* **Problem to work on**
Your answer must be an exact transcription of the lines from the line with "this 2212×1659 image." through the final line of the data.
[[ Dataset records open ]]
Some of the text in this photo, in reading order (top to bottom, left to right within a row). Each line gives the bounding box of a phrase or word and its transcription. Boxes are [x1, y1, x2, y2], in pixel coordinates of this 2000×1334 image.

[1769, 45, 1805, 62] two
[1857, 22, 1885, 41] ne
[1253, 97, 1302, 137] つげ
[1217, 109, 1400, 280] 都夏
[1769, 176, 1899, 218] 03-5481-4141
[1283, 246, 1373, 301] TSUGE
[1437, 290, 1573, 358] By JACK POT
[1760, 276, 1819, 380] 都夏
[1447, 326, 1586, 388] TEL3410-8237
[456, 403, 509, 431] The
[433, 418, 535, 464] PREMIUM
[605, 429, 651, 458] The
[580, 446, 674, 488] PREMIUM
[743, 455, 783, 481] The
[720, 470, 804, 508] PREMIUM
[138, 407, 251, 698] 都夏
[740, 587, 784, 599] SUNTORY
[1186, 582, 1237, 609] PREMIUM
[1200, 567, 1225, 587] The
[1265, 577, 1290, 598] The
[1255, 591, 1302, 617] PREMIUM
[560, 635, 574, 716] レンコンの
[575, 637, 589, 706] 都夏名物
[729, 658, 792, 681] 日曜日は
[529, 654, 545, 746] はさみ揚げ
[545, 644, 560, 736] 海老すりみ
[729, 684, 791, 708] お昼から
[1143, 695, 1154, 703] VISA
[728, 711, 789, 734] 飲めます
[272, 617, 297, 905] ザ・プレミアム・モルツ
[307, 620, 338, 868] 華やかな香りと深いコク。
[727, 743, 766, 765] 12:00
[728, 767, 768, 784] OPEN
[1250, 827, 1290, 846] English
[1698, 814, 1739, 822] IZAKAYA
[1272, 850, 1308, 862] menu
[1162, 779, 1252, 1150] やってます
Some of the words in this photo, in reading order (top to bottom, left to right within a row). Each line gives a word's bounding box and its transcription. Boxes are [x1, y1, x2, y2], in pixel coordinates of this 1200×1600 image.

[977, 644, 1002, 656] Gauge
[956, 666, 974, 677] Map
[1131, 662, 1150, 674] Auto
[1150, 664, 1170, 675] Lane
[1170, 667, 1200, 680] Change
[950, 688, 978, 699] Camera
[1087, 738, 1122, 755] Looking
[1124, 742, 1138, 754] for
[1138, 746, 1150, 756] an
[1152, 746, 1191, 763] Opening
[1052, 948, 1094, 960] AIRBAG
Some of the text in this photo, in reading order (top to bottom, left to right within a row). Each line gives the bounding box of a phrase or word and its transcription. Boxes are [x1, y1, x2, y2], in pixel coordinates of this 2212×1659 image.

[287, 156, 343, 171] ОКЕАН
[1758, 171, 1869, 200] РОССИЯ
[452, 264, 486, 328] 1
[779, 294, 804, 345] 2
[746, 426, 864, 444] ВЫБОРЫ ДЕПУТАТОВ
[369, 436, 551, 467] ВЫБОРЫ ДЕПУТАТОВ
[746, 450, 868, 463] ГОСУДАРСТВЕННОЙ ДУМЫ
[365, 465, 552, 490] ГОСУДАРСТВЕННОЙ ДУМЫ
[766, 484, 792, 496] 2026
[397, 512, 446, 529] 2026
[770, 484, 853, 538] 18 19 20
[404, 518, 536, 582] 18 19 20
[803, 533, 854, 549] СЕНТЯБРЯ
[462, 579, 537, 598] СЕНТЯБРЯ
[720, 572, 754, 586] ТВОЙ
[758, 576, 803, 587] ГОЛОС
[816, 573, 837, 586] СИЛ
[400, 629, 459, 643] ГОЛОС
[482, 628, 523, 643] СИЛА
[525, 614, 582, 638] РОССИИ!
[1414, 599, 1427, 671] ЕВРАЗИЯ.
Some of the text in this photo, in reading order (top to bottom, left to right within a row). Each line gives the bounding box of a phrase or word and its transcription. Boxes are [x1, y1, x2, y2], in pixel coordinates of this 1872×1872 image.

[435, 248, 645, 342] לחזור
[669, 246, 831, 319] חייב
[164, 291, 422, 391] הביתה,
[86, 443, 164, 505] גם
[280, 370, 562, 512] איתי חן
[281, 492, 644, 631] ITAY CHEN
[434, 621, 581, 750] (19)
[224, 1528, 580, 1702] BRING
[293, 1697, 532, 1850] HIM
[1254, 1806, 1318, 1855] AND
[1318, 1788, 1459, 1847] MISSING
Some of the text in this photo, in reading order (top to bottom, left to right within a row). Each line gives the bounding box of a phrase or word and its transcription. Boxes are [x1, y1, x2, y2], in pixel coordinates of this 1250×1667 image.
[[ Dataset records closed ]]
* **Task response**
Some of the text in this photo, in reading order (top to bottom, left to right within a row). Each line gives the bounding box of a phrase or word and its transcription. Boxes are [x1, y1, x2, y2], in pixel coordinates of this 2212×1659 image.

[287, 156, 343, 171] ОКЕАН
[1758, 171, 1869, 200] РОССИЯ
[452, 264, 486, 328] 1
[779, 294, 804, 345] 2
[746, 426, 864, 444] ВЫБОРЫ ДЕПУТАТОВ
[369, 436, 551, 467] ВЫБОРЫ ДЕПУТАТОВ
[746, 450, 868, 463] ГОСУДАРСТВЕННОЙ ДУМЫ
[365, 465, 552, 490] ГОСУДАРСТВЕННОЙ ДУМЫ
[766, 484, 792, 496] 2026
[397, 512, 446, 529] 2026
[770, 484, 853, 538] 18 19 20
[404, 518, 536, 582] 18 19 20
[803, 533, 854, 549] СЕНТЯБРЯ
[462, 579, 537, 598] СЕНТЯБРЯ
[720, 572, 754, 586] ТВОЙ
[758, 576, 803, 587] ГОЛОС
[816, 573, 837, 586] СИЛ
[400, 629, 459, 643] ГОЛОС
[482, 628, 523, 643] СИЛА
[525, 614, 582, 638] РОССИИ!
[1414, 599, 1427, 671] ЕВРАЗИЯ.
Some of the text in this photo, in reading order (top to bottom, left to right within a row). Each line gives the bounding box of a phrase or word and its transcription. Boxes are [x1, y1, x2, y2], in pixel coordinates of this 1872×1872 image.

[435, 248, 645, 342] לחזור
[669, 246, 831, 319] חייב
[164, 291, 422, 391] הביתה,
[86, 443, 164, 505] גם
[280, 370, 562, 512] איתי חן
[281, 492, 644, 631] ITAY CHEN
[434, 621, 581, 750] (19)
[224, 1528, 580, 1702] BRING
[293, 1697, 532, 1850] HIM
[1254, 1806, 1318, 1855] AND
[1318, 1788, 1459, 1847] MISSING
Some of the text in this photo, in reading order (top to bottom, left to right within a row). Each line gives the bounding box of a phrase or word and its transcription. Boxes are [x1, y1, x2, y2], in pixel coordinates of this 1250×1667 image.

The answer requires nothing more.